GPT-4o, on the other hand — like the best bank managers — took a different path, as the researchers note: “The AI adopted an optimization mindset and maximized growth and profitability regardless of losses — until it was thrown off course by a market shock.”
AI may be able to learn and iterate quickly in a controlled environment, but it does not cope well with unforeseen, disruptive events that require human intuition and foresight. This does not reflect well on the banking executives, who were also fired from the virtual board more quickly than the students: “Both GPT-4o and the executives succumbed to the same flaw: excessive trust in a system that rewards aggressive ambition, but also flexibility and long-term thinking.”
As for the genAI tools for OpenAI, the researchers nevertheless drew a positive conclusion: “Despite its limitations, GPT-4o delivered an impressive performance. Although the AI was dismissed more often than the best human players, it was still able to hold its own against the best and smartest participants.”
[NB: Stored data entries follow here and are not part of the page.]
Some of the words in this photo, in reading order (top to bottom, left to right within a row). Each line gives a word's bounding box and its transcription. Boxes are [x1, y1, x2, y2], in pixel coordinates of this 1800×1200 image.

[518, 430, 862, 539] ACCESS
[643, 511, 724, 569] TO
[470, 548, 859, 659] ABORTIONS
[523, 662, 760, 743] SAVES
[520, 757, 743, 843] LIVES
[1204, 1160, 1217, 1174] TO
What does this mean for companies?
The researchers draw various conclusions from their experiment. Here is a brief summary:
- Generative AI can no longer be ignored as a strategic resource. The experiment shows that even uncoordinated models can provide creative, strategic input, given the right prompts. The bottom line is that AI produces strong results, especially when it comes to generating value for shareholders.
- Data quality is crucial. In order for AI to exceed its own expectations in terms of corporate strategy, high-quality data is needed, similar to that used in the experiment. The initiators of the experiment are convinced that a robust data infrastructure is a prerequisite for AI in the boardroom.
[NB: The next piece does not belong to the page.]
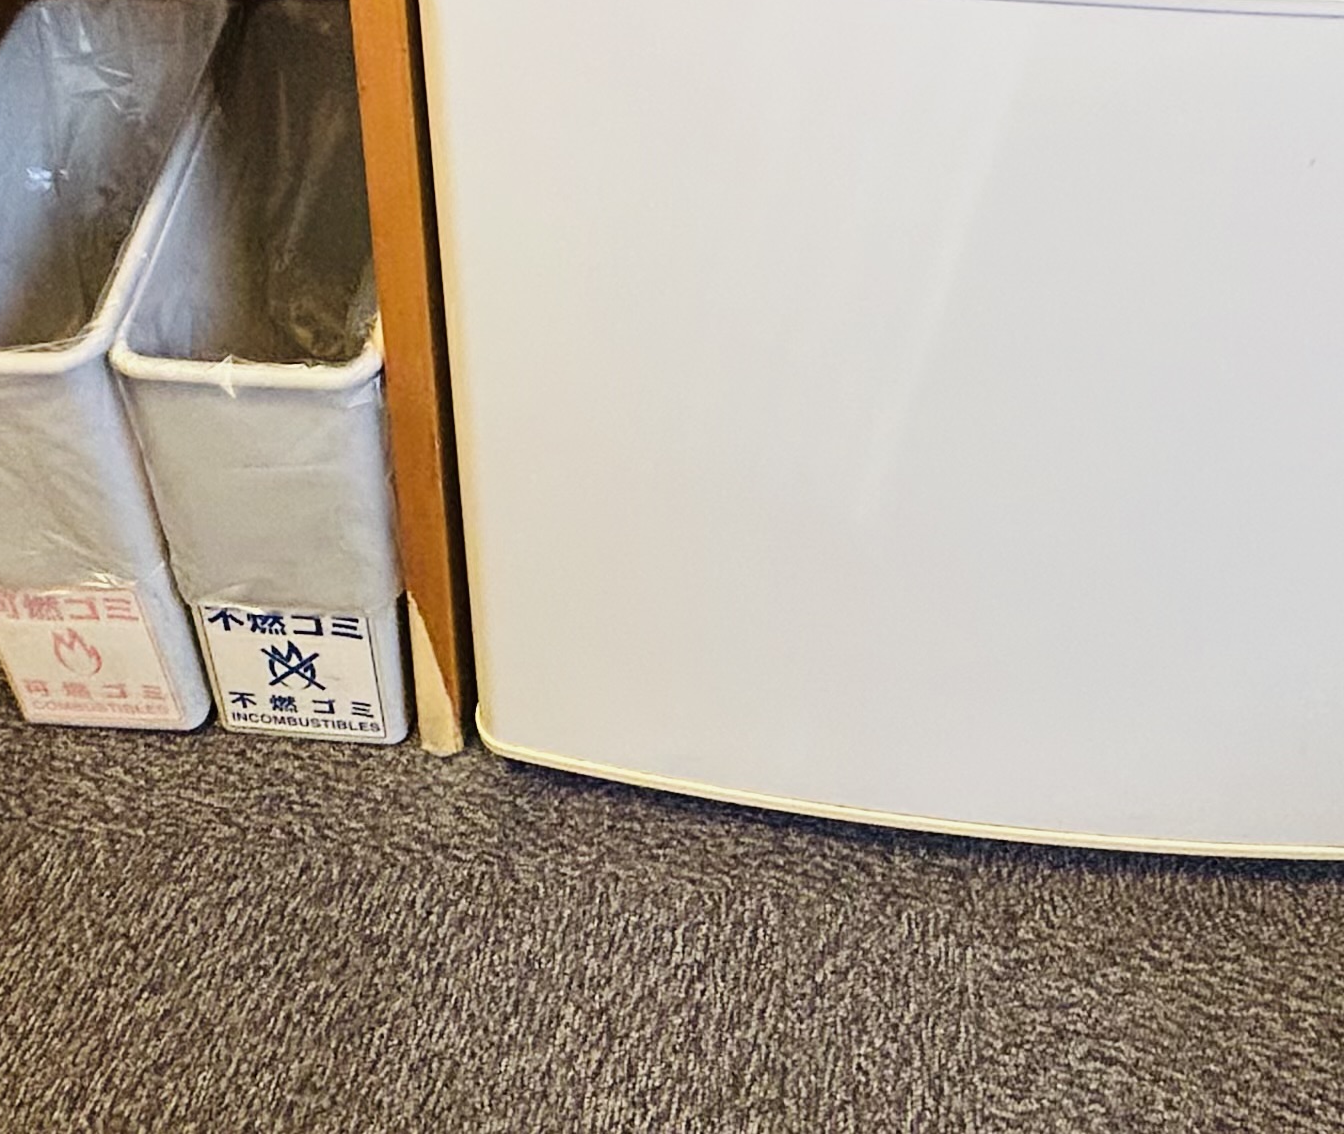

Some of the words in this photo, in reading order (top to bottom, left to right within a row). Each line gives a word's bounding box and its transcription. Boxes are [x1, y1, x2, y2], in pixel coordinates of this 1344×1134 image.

[229, 691, 375, 719] 不燃ゴミ
[232, 711, 382, 733] INCOMBUSTIBLES
- AI efficiency is not risk-free. Aggressive maximization strategies could lead to disastrous results without sufficient foresight. Therefore, genAI tools should not work unsupervised nor should people use the tools without foresight, said the researchers.
- Accountability and genAI do not mix. The fact that AI systems are difficult or impossible to hold accountable makes transparent guardrails all the more important. According to the scientists, this is the only way to ensure that genAI-based decisions align with corporate values.
- Digital twins play a central, strategic role. According to the researchers, digital twins of a corporate ecosystem, “populated” with several LLM agents, could represent a valuable sandbox for AI leadership. This not only ensures a safety buffer in the event of missteps, but also provides CEOs with important insights for better decisions.
- Management consultants could be facing disruptive times. With the emergence of “artificial CEOs,” scientists predict hard times for consultants: “Companies like McKinsey could be faced with their services being supplemented or replaced by AI systems.”
Bosses who are open to modern leadership methods have less to worry about in terms of being replaced by an AI system, the researchers said: “AI cannot fully assume the responsibilities of a CEO. But it can significantly improve strategic planning processes and help prevent costly mistakes. The real power of generative AI lies in enriching CEOs’ decision-making and enabling them, through their analysis and simulation work, to focus on their human skills: making strategic, empathetic and ethical decisions.”
The researchers see one main risk for CEOs: “Clinging to the illusion that we will continue to hold the reins alone in the future. The future of leadership is hybrid. The CEOs who will be successful are those who see artificial intelligence as a partner, rather than as competition.”